Higher Alcohols Synthesis: Experimental and Process Parameters Study over a CNH-Supported KCoRhMo Catalyst

The present work investigated the effects of operating conditions (temperature (T), pressure (P), and gas hourly space velocity (GHSV)) on the higher-alcohols synthesis reaction, using a downward-flow fixed-bed reactor. The carbon nanohorn (CNH)-supported KCoRhMo catalysts with compositions of 9% K, 4.5% Co, 1.5% Rh, and 15 wt % Mo were used for this study. The Design Expert software was used to analyze the interaction effects of T (290–370 °C), P (800–1400 psig), and GHSV (2.4–4.8 m3(STP)/kgcat/h) on CO conversion, alcohols, and hydrocarbon product selectivities, as well as their respective yields. The validity of the models was assessed by statistical tests: test of significance and coefficient of determination (R 2) values.
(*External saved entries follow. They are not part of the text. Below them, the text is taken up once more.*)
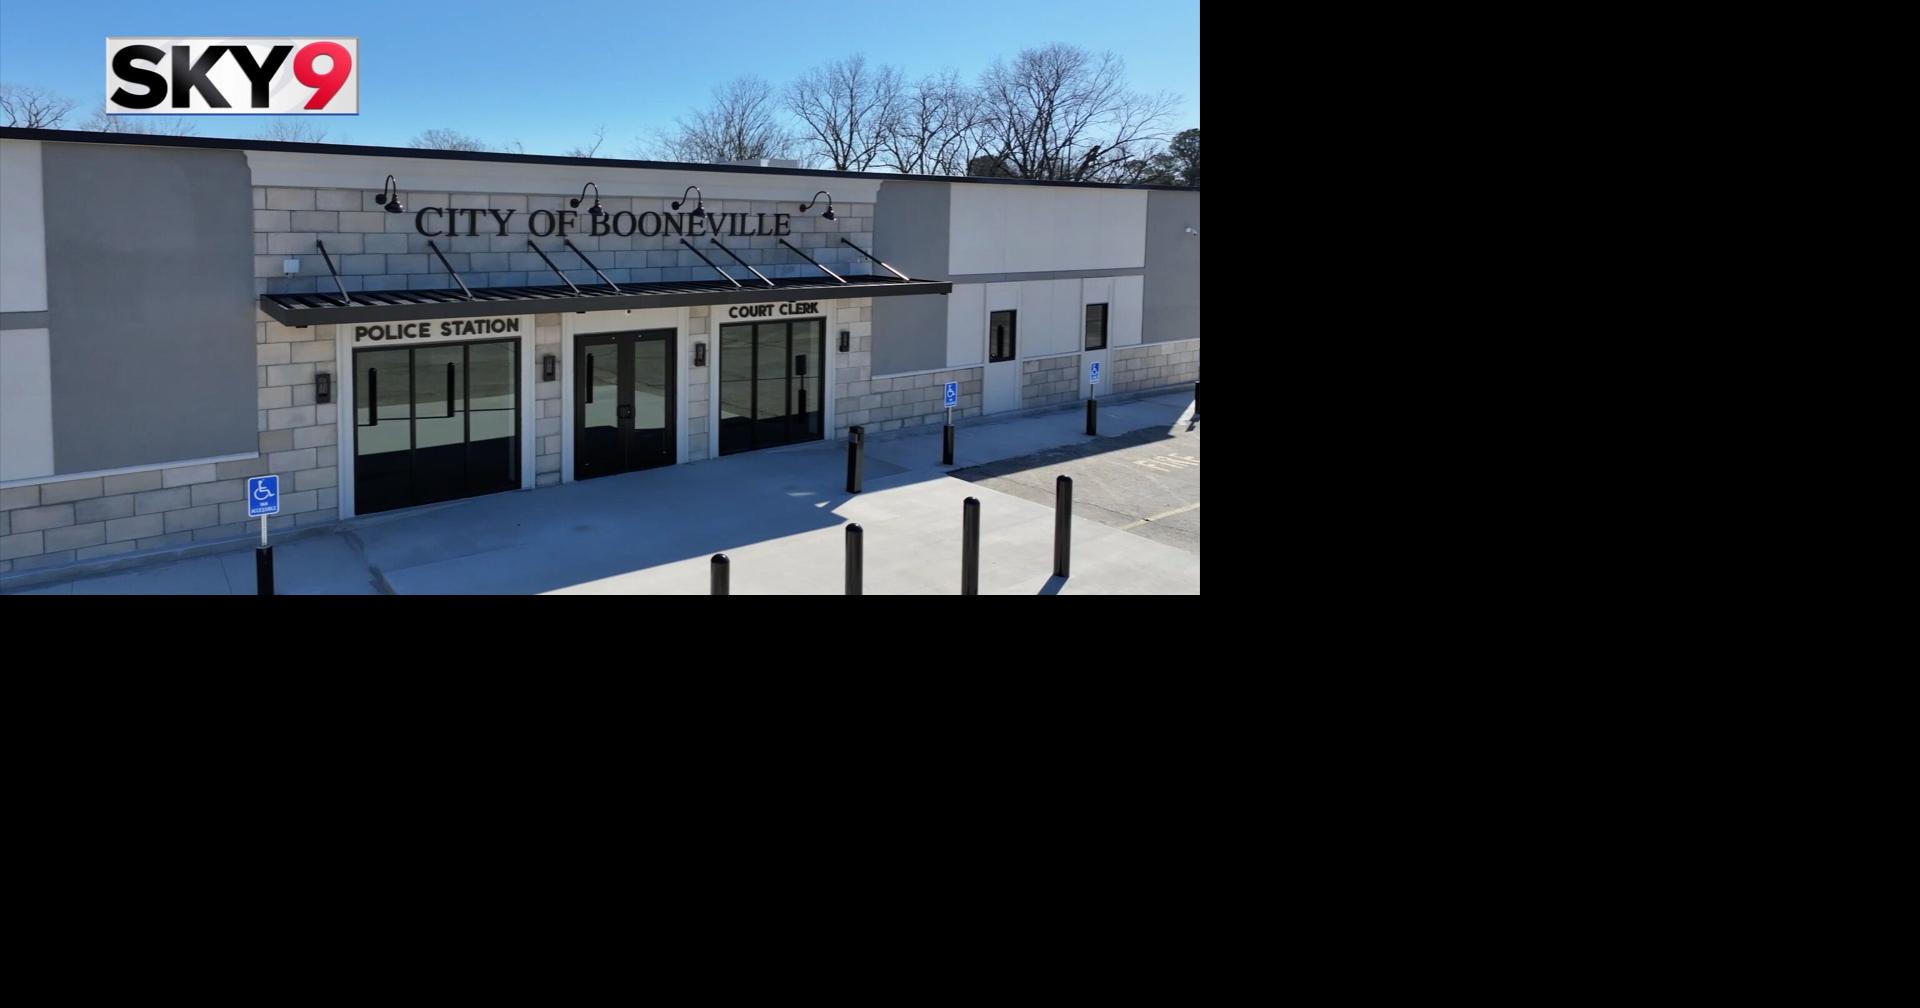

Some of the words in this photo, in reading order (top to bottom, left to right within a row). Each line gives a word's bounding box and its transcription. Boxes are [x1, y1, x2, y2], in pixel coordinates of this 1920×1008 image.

[415, 206, 516, 237] CITY
[528, 209, 578, 237] OF
[588, 210, 791, 237] BOONEVILLE
[728, 304, 775, 318] COURT
[779, 302, 819, 315] CLERK
[355, 322, 431, 342] POLICE
[440, 318, 519, 337] STATION
The recorded R 2 values suggested that the quadratic models generated could sufficiently depict the experimental data. Increasing temperature and pressure in the ranges of 290–350 °C and 800–1400 psig, respectively, resulted in corresponding increases in CO conversions; however, with increasing GHSV, the CO conversion decreased monotonically. Numerical optimization assessments of the models selected the optimum operating conditions to be 325 °C, 1320 psig, and 2.4 m3(STP)/kgcat/h to give the maximum ethanol and higher alcohols space time yields of 0.126 and 0.177 g/gcat/h, respectively.